In the movie The Last Jedi, Supreme Leader Snoke observes “My disappointment in your performance cannot be overstated.” It appears that Snoke could find like minds on the United States Court of Appeals for the Ninth Circuit. In Briseno v. Henderson, Judge Kenneth K. Lee took a rather broad view of “judicial notice” to declare recently that the 2017 movie was “mediocre and schlocky.”
The appeal involved objections to a diversity action where the class alleged that ConAgra Foods, Inc. used a misleading “100% Natural” label on Wesson Oil. The issue was whether the district court improperly shifted the burden to the Objector to the settlement and the Ninth Circuit found that it did. However, Judge Lee had an additional cinematic grievance to air.
Lee notes in the opinion:
“Simply put, Richardson – the new owner of Wesson Oil – can resume using the ‘100% Natural’ label at any time it wishes, thereby depriving the class of any value theoretically afforded by the injunction. ConAgra thus essentially agreed not to do something over which it lacks the power to do. That is like George Lucas promising no more mediocre and schlocky Star Wars sequels shortly after selling the franchise to Disney. Such a promise would be illusory.”
To avoid any question as to what he is referencing, Lee drops a footnote stating “As evident by Disney’s production of The Last Jedi and The Rise of Skywalker.”
Under the Federal Rules of Evidence 201 (Judicial Notice of Adjudicative Facts), a court can take judicial notice under either of two conditions:
(a) Scope. This rule governs judicial notice of an adjudicative fact only, not a legislative fact.
(b) Kinds of Facts That May Be Judicially Noticed. The court may judicially notice a fact that is not subject to reasonable dispute because it:
(1) is generally known within the trial court’s territorial jurisdiction; or
(2) can be accurately and readily determined from sources whose accuracy cannot reasonably be questioned.
One could argue that it was both generally known within the Ninth Circuit and not reasonably questioned that The Last Jedi was a schlocky movie. However, there was a divide between critics (who loved the movie) and moviegoers (who panned it.). Thus, even if movie reviews could be shoehorned into judicial notice categories, this would be treated as a contested fact.

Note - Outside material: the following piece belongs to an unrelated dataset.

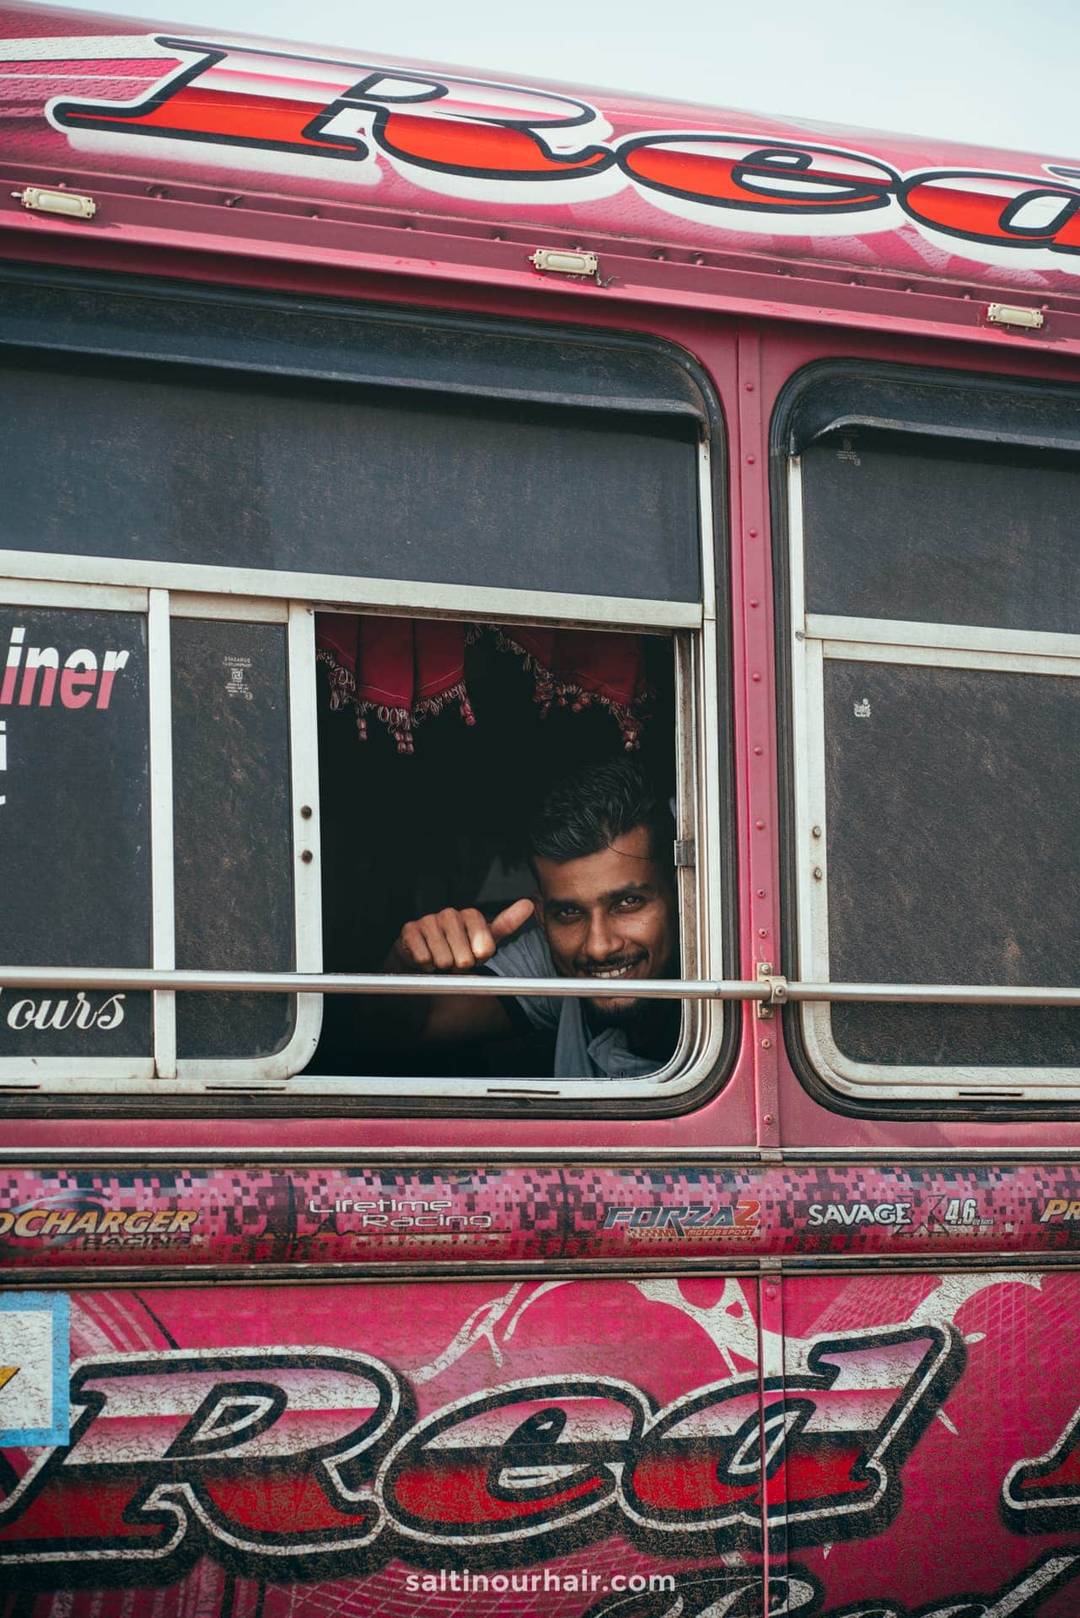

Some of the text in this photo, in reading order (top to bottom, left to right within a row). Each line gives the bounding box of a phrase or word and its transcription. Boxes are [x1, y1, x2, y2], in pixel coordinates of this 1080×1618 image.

Movie references are, of course, not uncommon in judicial opinions. For example, when Attorney General Merrick Garland was still on the D.C. Circuit, he used “My Cousin Vinny” to make a point in Novato Healthcare Center v. National Labor Relations Board on the importance of cross-examination. Garland noted “In 1992, Vincent Gambini taught a master class in cross-examination, Trial counsel for the National Labor Relations Board and the National Union of Healthcare Workers apparently paid attention.” Garland actually dropped two footnotes to reference the questioning of witness Sam Tipton as an example of cross examination at its best:
“Q. Do you remember what you had?
A. Eggs and grits.
Q. Eggs and grits. I like grits, too. How do you cook your grits? You like ’em regular, creamy or al dente?
A. Just regular, I guess.
Q. Regular. Instant grits?
A. No self-respecting Southerner uses instant grits. I take pride in my grits.
Q. So, Mr. Tipton, how could it take you five minutes to cook your grits, when it takes the entire grit-eating world 20 minutes? … Perhaps the laws of physics cease to exist on your stove? Were these magic grits?”

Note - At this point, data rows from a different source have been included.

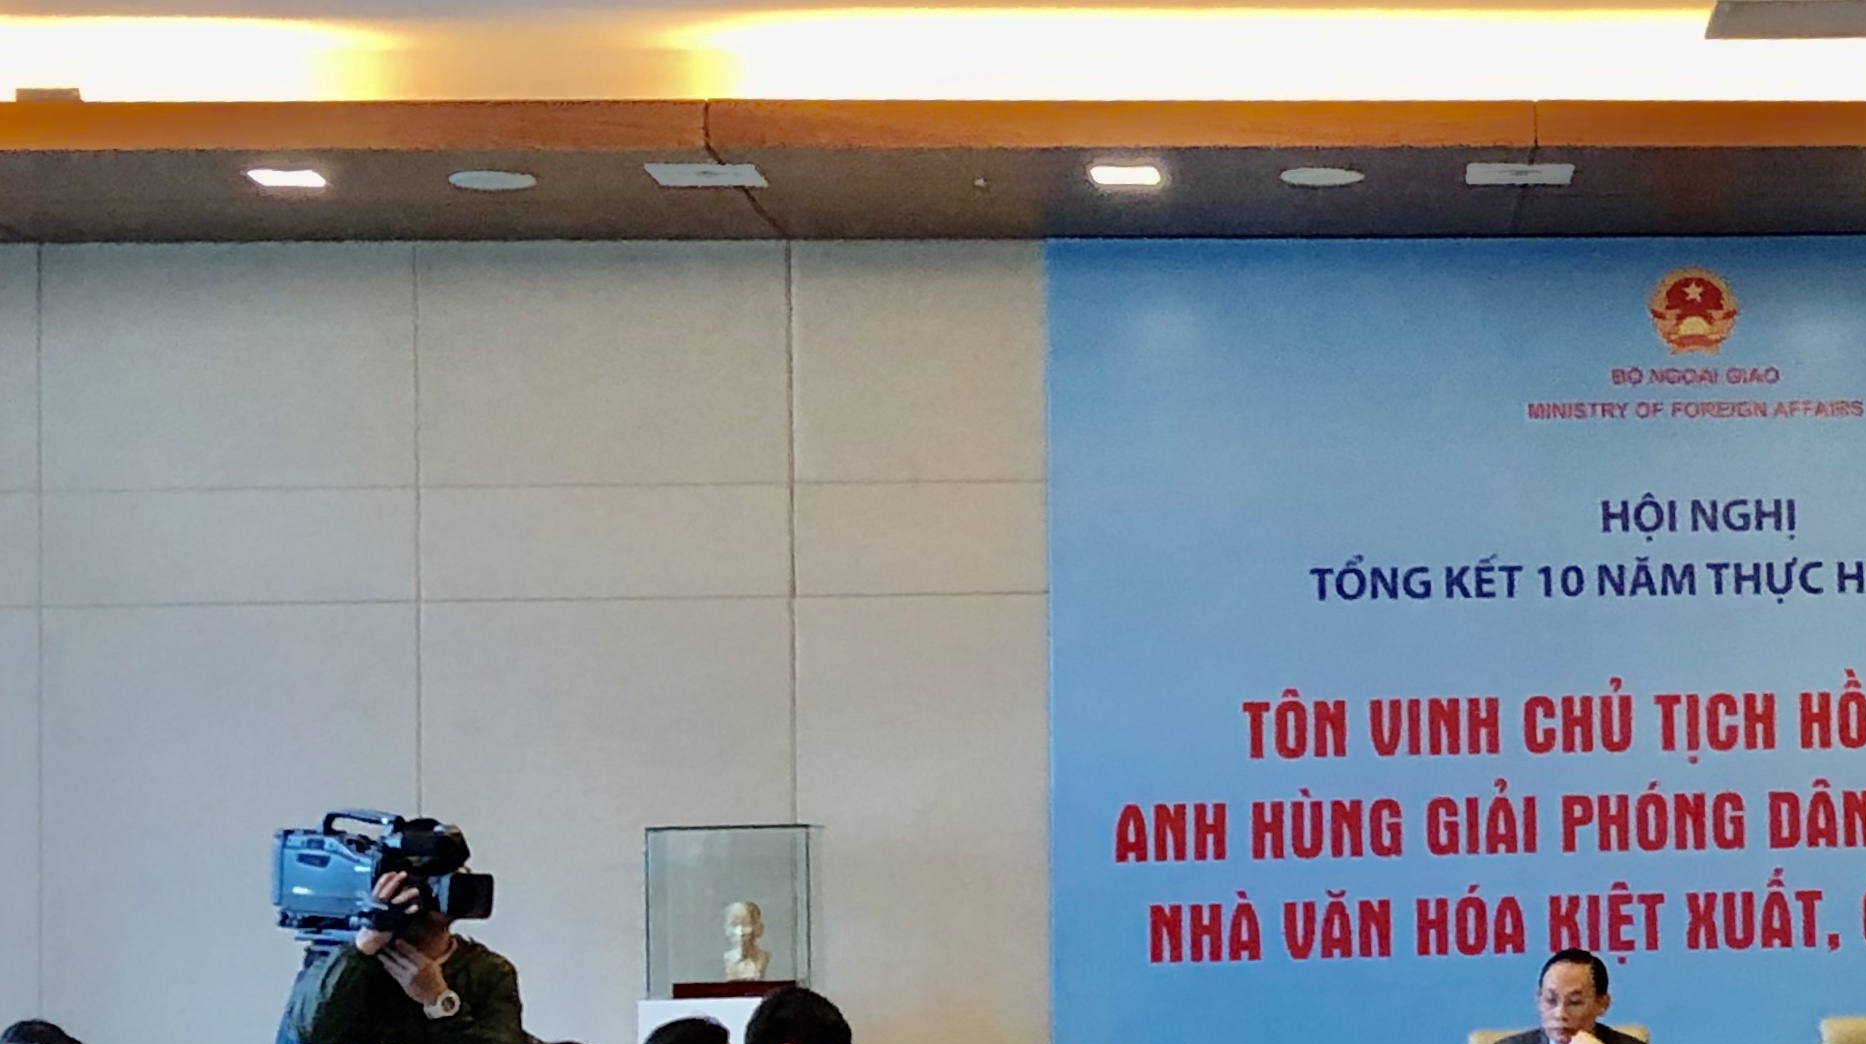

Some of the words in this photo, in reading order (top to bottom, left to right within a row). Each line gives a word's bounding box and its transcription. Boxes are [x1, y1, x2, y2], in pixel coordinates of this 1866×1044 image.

[1725, 366, 1780, 385] GIAO
[1527, 402, 1627, 420] MINISTRY
[1635, 402, 1664, 418] OF
[1671, 401, 1767, 418] FOREIGN
[1773, 400, 1864, 417] AFFAIRS
[1600, 492, 1677, 543] HỘI
[1690, 498, 1796, 541] NGHỊ
[1308, 553, 1433, 601] TỔNG
[1445, 552, 1524, 599] KẾT
[1537, 564, 1585, 598] 10
[1597, 555, 1697, 596] NĂM
[1706, 556, 1824, 604] THỰC
[1242, 688, 1347, 759] TÔN
[1370, 697, 1499, 756] VINH
[1523, 676, 1633, 754] CHỦ
[1654, 693, 1776, 764] TỊCH
[1114, 803, 1227, 863] ANH
[1251, 787, 1403, 860] HÙNG
[1426, 777, 1538, 855] GIẢI
[1561, 780, 1746, 853] PHÓNG
[1149, 889, 1262, 963] NHÀ
[1283, 889, 1392, 959] VĂN
[1415, 883, 1526, 956] HÓA
[1548, 881, 1665, 965] KIỆT
[1686, 867, 1841, 952] XUẤT,

Of course, the court omits the worst example of cross examination when Tipton is cross examined on his wearing of prescription glasses with disastrous results by the other defense counsel (later dismissed by his client).
It is rare however to have an actual movie review in an opinion, but this is one judicial notice controversy that is unlikely to be challenged.
After all, the Ninth Circuit can always quote Poe Dameron from the movie, “We’ve pulled crazier stunts than this.”